Des initiatives comme les numéros d’urgence inscrits sur les sachets de pharmacie sont très utiles pour faire passer discrètement l’information. Des permanences téléphoniques dédiées, comme la ligne « 100 % Femmes » de la MSA du Languedoc, sont également efficaces pour offrir une écoute et un soutien adaptés.

Malgré les progrès, les femmes restent sous-représentées dans les instances représentatives électives. Comment améliorer cela ?

M-P. M. : Il y a deux aspects : d’abord, il faut permettre aux femmes d’entrer dans ces instances. Au Sénat, les femmes ne représentent qu’une minorité. Pour les postes à responsabilité, la situation est encore plus compliquée.

Il faut créer de la place dans les instances et faciliter l’accès aux postes à responsabilité. Mais les stéréotypes de genre persistent chez les femmes elles-mêmes. L’exemple est important : certaines femmes se lancent en voyant d’autres réussir.

Un mot pour le monde agricole qui traverse actuellement des crises à répétition ?

M-P. M. : Il est important de consommer local et de préserver notre agriculture. Les femmes doivent être reconnues pour leur contribution et continuer à jouer un rôle clé. Les défis sont immenses, mais les femmes sont essentielles à l’avenir de l’agriculture.

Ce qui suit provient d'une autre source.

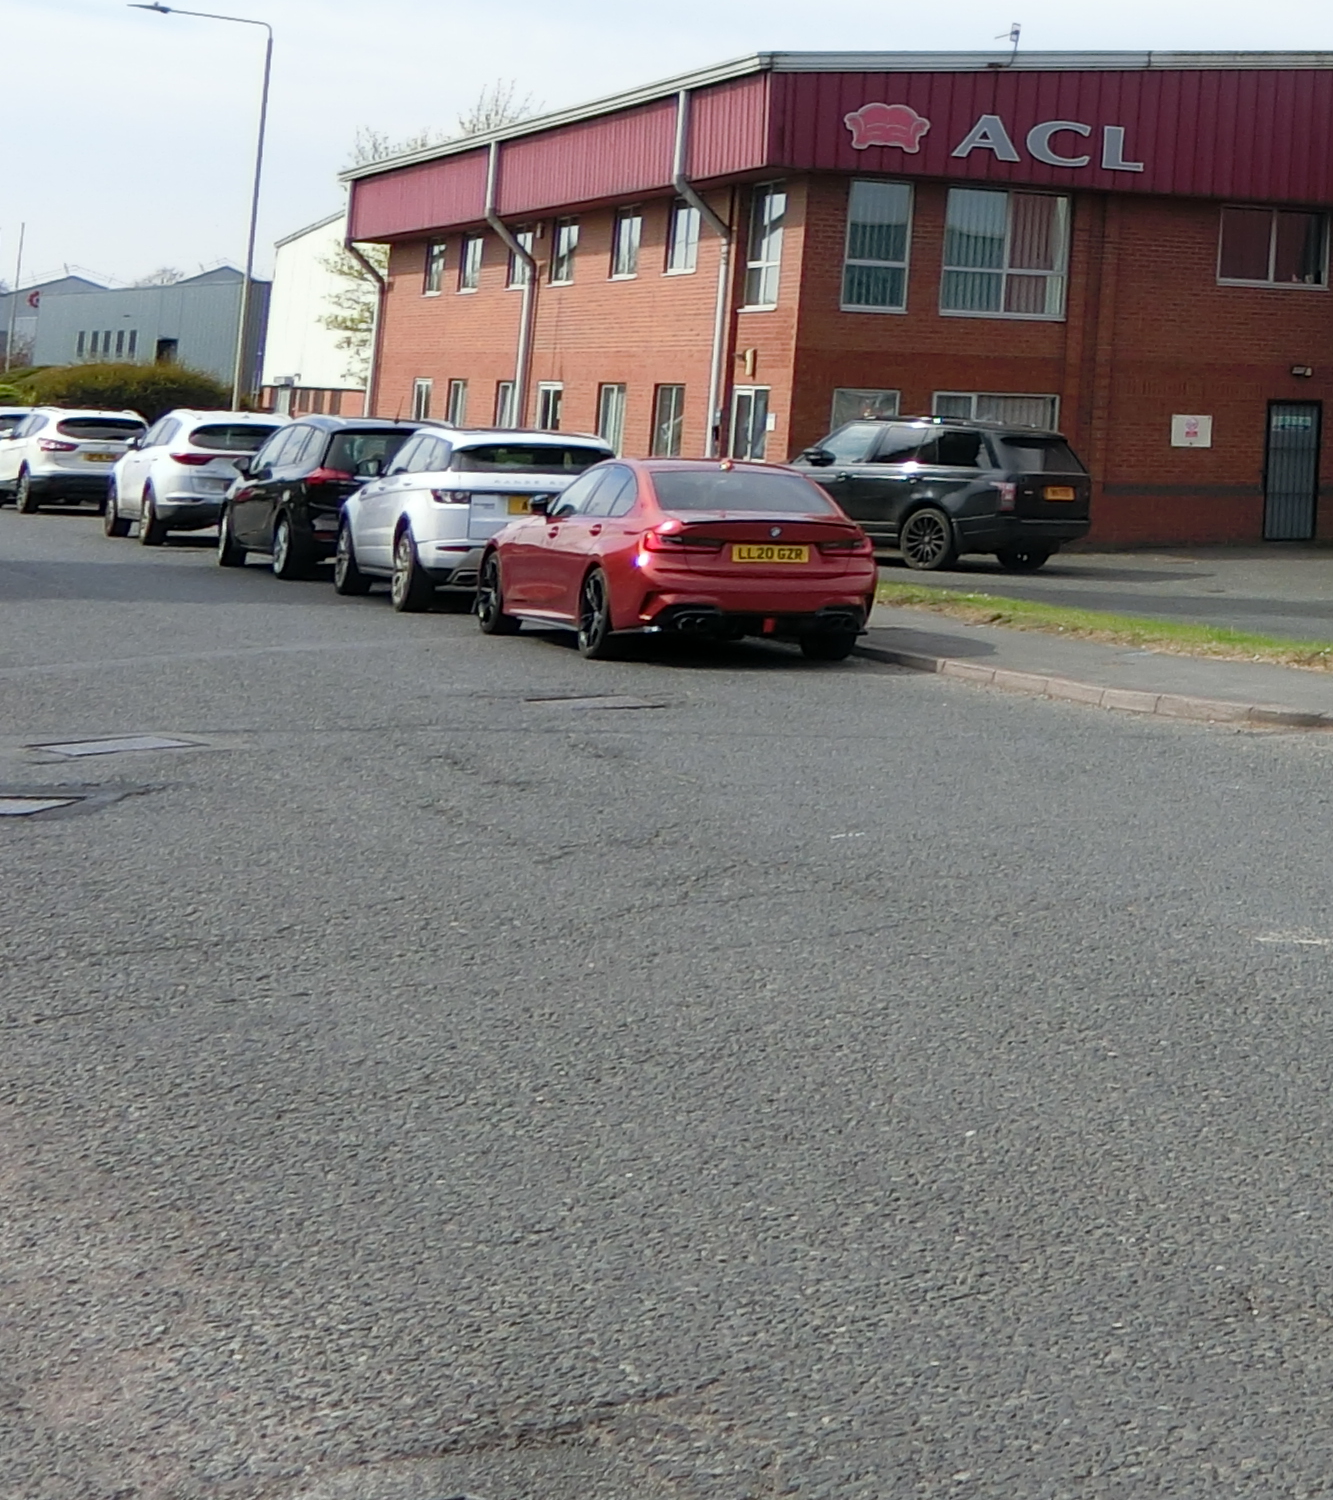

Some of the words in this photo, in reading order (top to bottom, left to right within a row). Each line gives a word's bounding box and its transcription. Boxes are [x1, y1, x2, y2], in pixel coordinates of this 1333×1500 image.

[951, 114, 1145, 173] ACL
[738, 546, 775, 560] LL20
[777, 547, 804, 560] GZR

Olives, noisettes, truffes et plantes à parfum

Marie-Pierre Monier préside la section Cultures traditionnelles et spécialisées, une entité de la commission des Affaires économiques du Sénat. Cette section se concentre sur les enjeux liés à des filières agricoles spécifiques, telles que :

  • l’olive
  • la truffe
  • la noisette
  • les plantes à parfum

La section Cultures traditionnelles et spécialisées joue un rôle essentiel dans la promotion et la défense de ces cultures. Elle contribue ainsi à la diversité agricole et vitalité des territoires ruraux.

Grâce à ce travail, ces filières uniques sont mieux soutenues et mises en valeur, renforçant leur importance dans l’économie agricole et culturelle de la France.